Saved entries.
--- --- ---

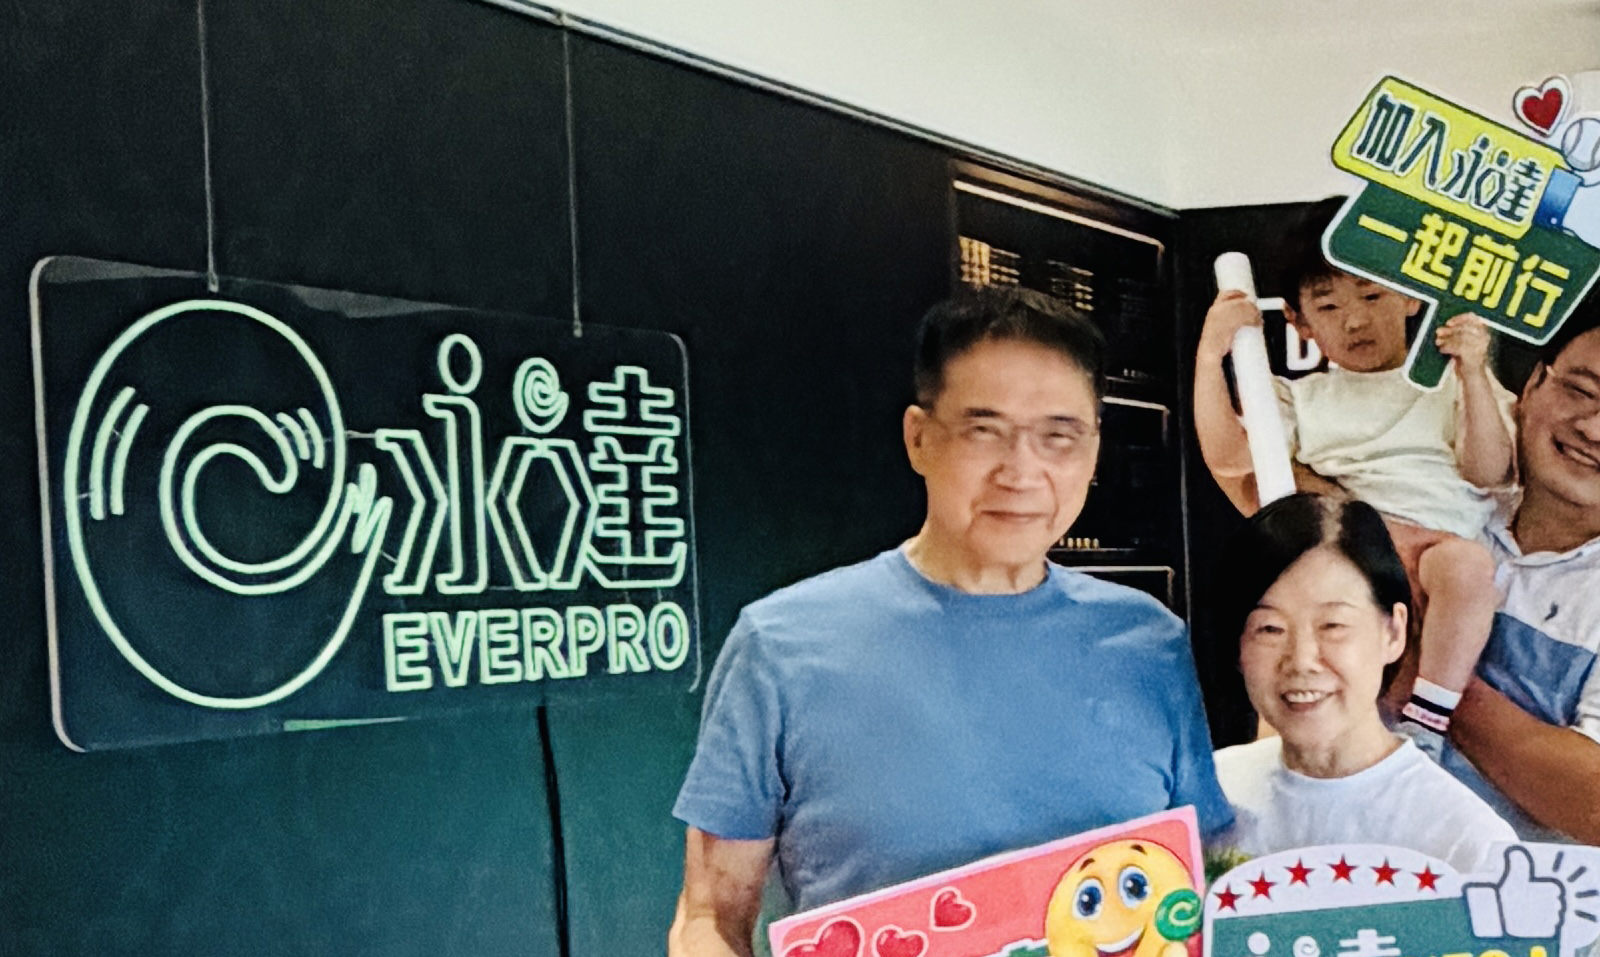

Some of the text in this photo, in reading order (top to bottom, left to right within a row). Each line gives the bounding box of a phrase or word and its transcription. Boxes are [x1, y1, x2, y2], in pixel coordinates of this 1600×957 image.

[1354, 92, 1545, 224] 加入永達
[1357, 213, 1571, 329] 一起前行
[375, 333, 688, 595] 永達
[382, 603, 690, 693] EVERPRO
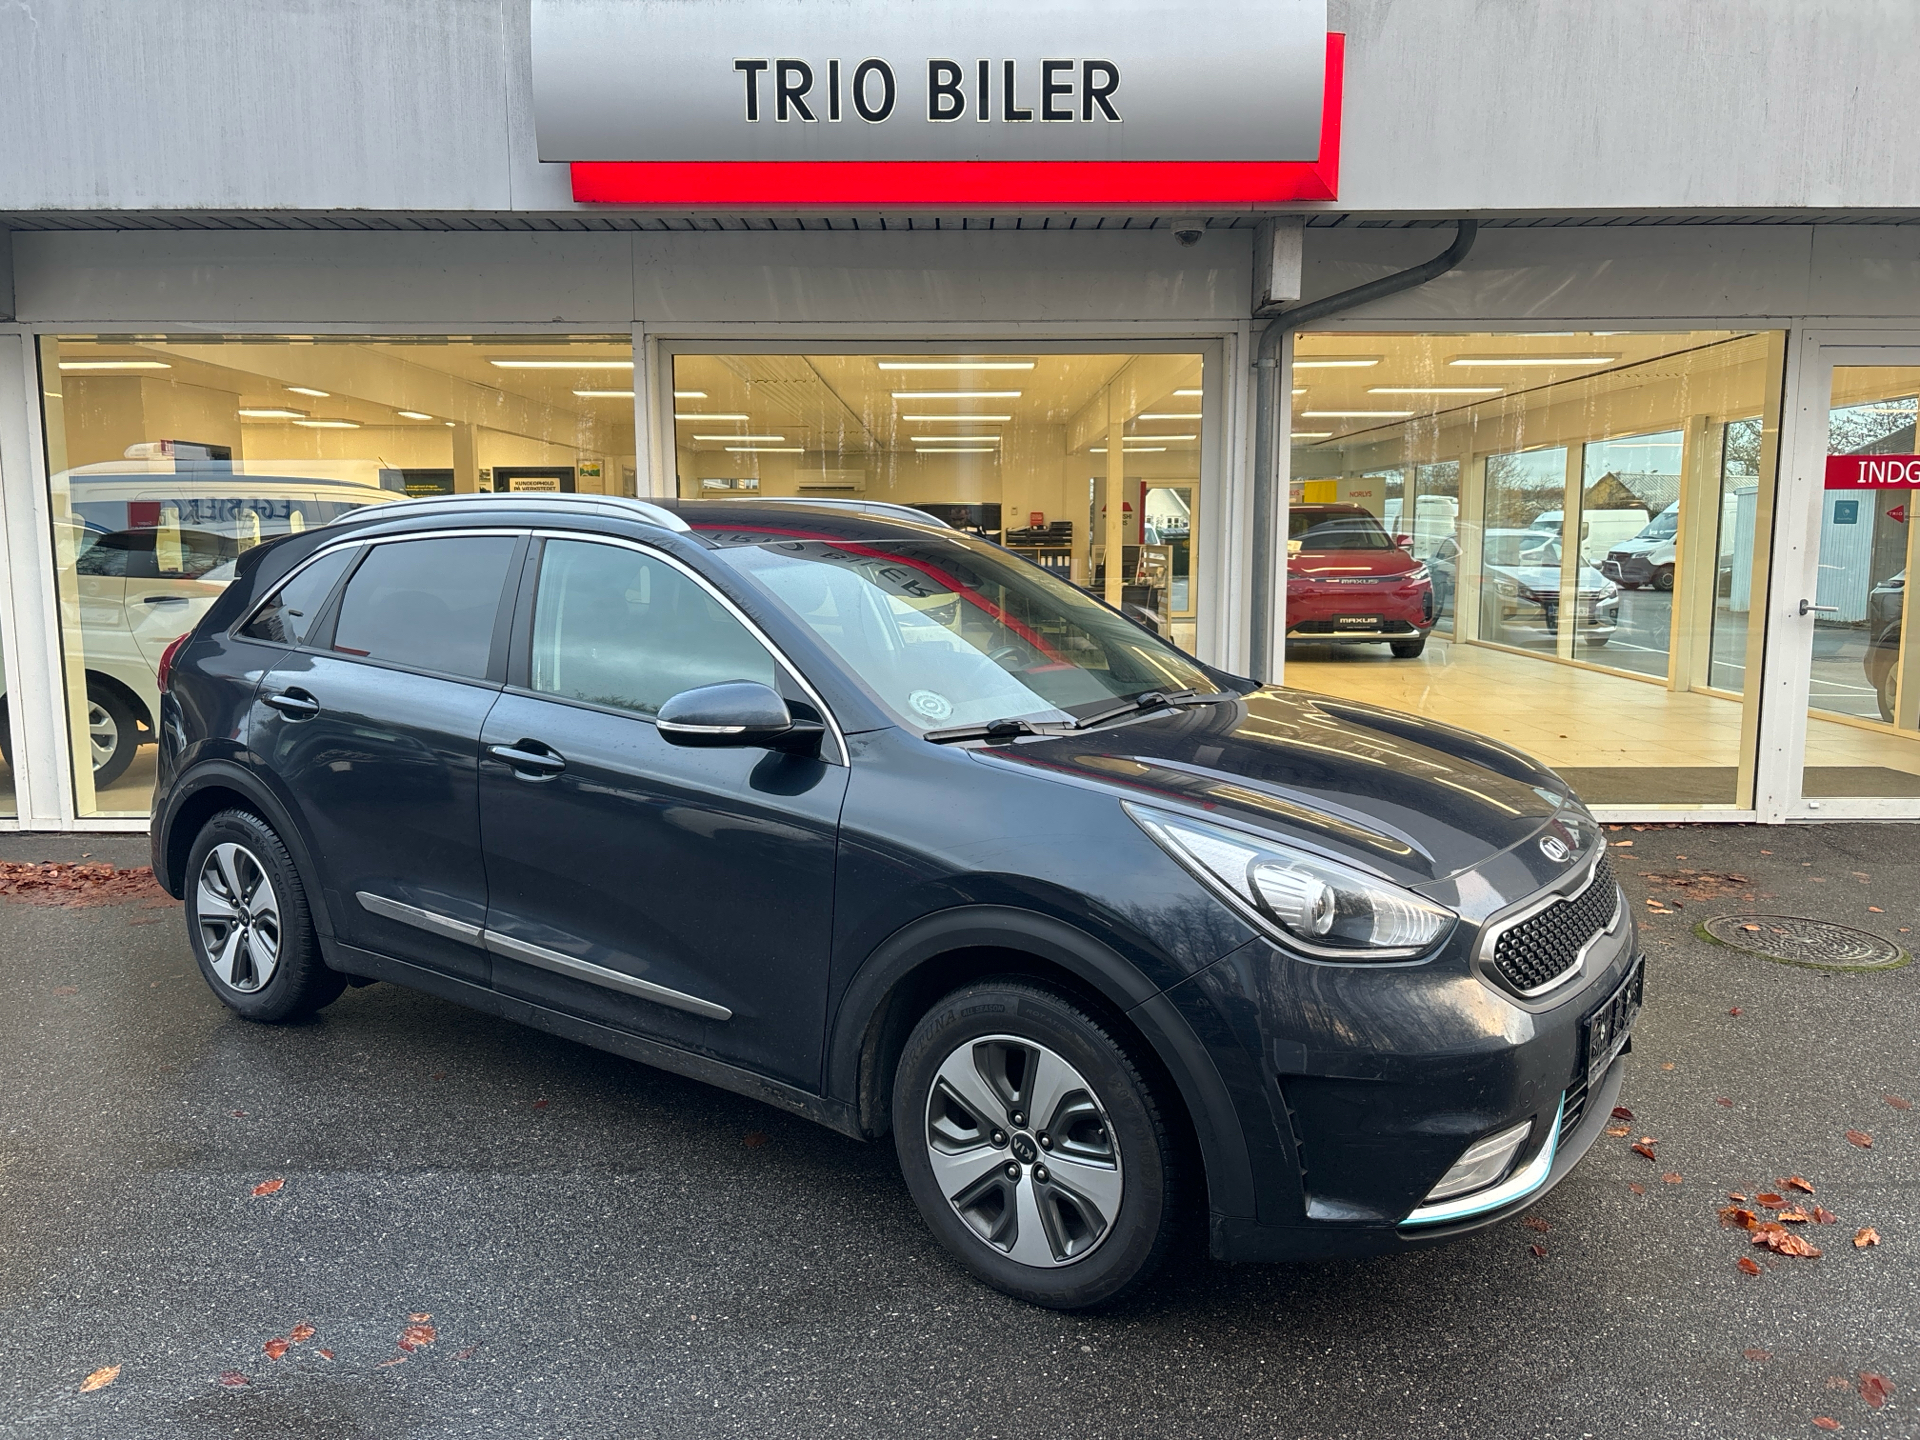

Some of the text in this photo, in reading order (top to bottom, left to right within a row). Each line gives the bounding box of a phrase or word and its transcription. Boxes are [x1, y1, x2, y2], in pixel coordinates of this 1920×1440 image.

[733, 56, 1124, 124] TRIO BILER
[962, 1006, 975, 1017] ALL
[975, 1004, 1004, 1013] SEASON
[1026, 1008, 1073, 1036] ROTATION
[1013, 1137, 1034, 1160] KIA
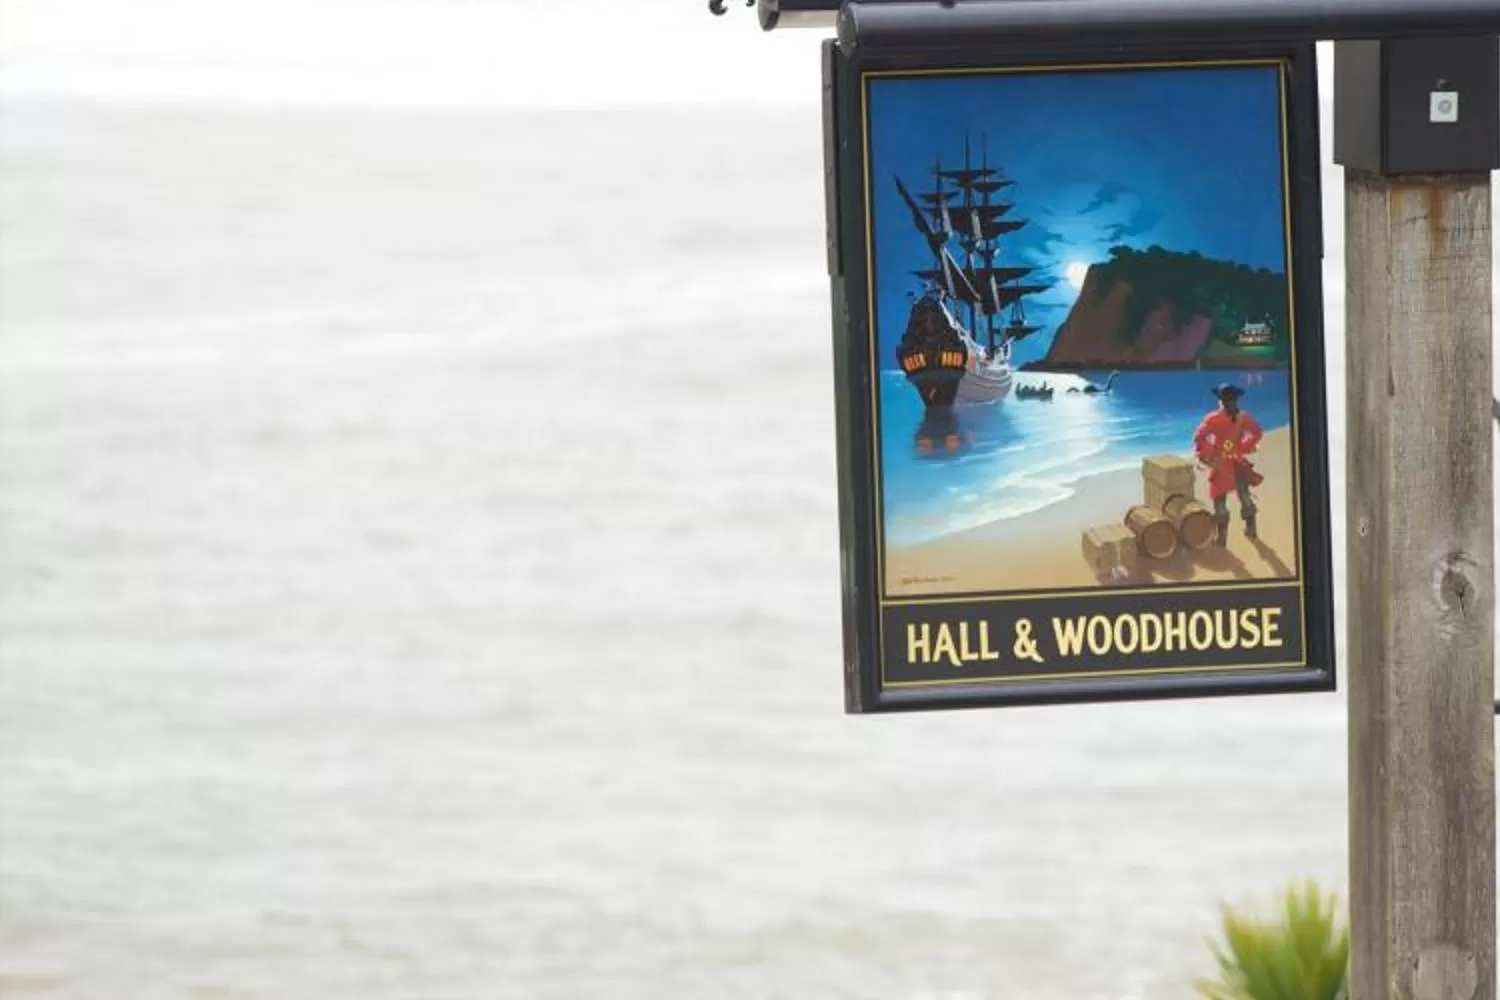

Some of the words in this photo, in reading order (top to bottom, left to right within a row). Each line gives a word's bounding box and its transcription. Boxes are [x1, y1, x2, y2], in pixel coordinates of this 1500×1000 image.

[905, 620, 999, 667] HALL
[1012, 618, 1045, 663] &
[1051, 607, 1284, 658] WOODHOUSE

--- --- ---

Give the records a second time exactly, keeping the images out.

Some of the text in this photo, in reading order (top to bottom, left to right within a row). Each line gives the bounding box of a phrase or word and its transcription. Boxes are [x1, y1, x2, y2], in pixel coordinates of this 1600×957 image.

[1354, 92, 1545, 224] 加入永達
[1357, 213, 1571, 329] 一起前行
[375, 333, 688, 595] 永達
[382, 603, 690, 693] EVERPRO

Some of the text in this photo, in reading order (top to bottom, left to right within a row). Each line gives the bounding box of a phrase or word and its transcription. Boxes are [x1, y1, x2, y2], in pixel coordinates of this 1920×1440 image.

[733, 56, 1124, 124] TRIO BILER
[962, 1006, 975, 1017] ALL
[975, 1004, 1004, 1013] SEASON
[1026, 1008, 1073, 1036] ROTATION
[1013, 1137, 1034, 1160] KIA

Some of the words in this photo, in reading order (top to bottom, left to right within a row). Each line gives a word's bounding box and its transcription. Boxes are [x1, y1, x2, y2], in pixel coordinates of this 1500×1000 image.

[905, 620, 999, 667] HALL
[1012, 618, 1045, 663] &
[1051, 607, 1284, 658] WOODHOUSE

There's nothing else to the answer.